The same thing applies to any self-standing gas cloud anywhere in the universe. There is always a surface “below” which temperatures increase with pressure. Otherwise stars won’t ever ignite.

Now if this is because of whatever Hans has said, or N&Z, or it’s Tooth Fairies, that is not a question that will ever be answered in blogs (and especially, in their comment sections). But anybody stating that what the whole cosmos is alight by is “impossible”, they do have a problem telling truth from fantasy.

Do Climate Forcings Exist? Map And Territory In Climate Science

2011/09/22 2 comments

Some interesting ideas that are surfacing at Judith Curry’s “Cloud wars” blog post, leading to the conclusion that there might as well be no such a thing as a “pure” climate forcing.

A “pure” climate forcing (i.e. one that occurs only as a forcing to the climate system, not also as a feedback) is of course an independent input to the system. IOW it is an independent variable that will provide its “push” in a specific direction whatever the value of all other variables.

It sounds obvious (maybe not to the average Climate Believer) that a great deal of so-called forcings aren’t: clouds of course (both a forcing and a feedback, perhaps on different timescales); but also CO2 emissions (as noted by commenter Eric Ollivet), water vapor, and pretty much anything that happens in the atmosphere.
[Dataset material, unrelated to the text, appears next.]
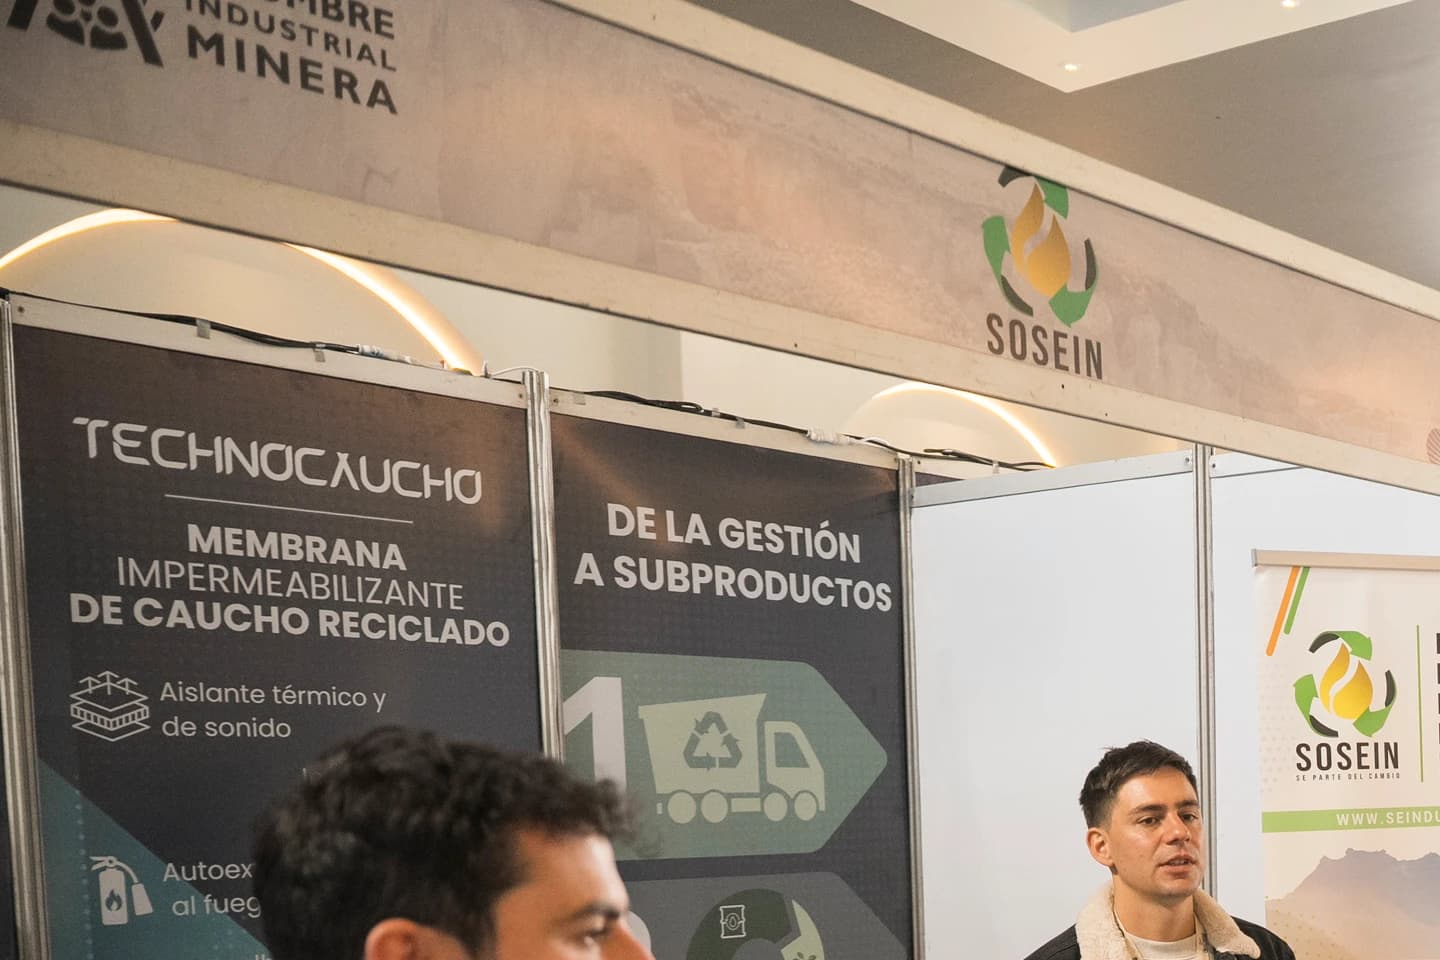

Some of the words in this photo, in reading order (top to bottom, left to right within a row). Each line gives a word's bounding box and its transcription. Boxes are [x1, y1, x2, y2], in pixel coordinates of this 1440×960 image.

One is left with the influence of other planets, of volcanoes, and of course of the Sun. But are those true and “pure” forcings, really?

For example, who’s going to demonstrate that the atmosphere will respond predictably and progressively if the Sun input to it varies, and everything else remains equal? For all we know, the Sun could be a positive forcing up to a point, then negative, then positive again, or simply positive but by different amounts following a complex multi-step function that moves up and down, all according to the atmosphere’s initial status.

Actually, we can be pretty sure of all that complication, thanks to the Mpemba effect (and the Leidenfrost effect).


Every reduction and simplification seems poised to destroy our ability to understand the climate itself. We might be ending up trying to apply statistics and/or computer models simply to distract us from the underlying truth: perhaps, in climate science, the only good map IS the territory. And the only hope to understand the climate, is by considering it whole.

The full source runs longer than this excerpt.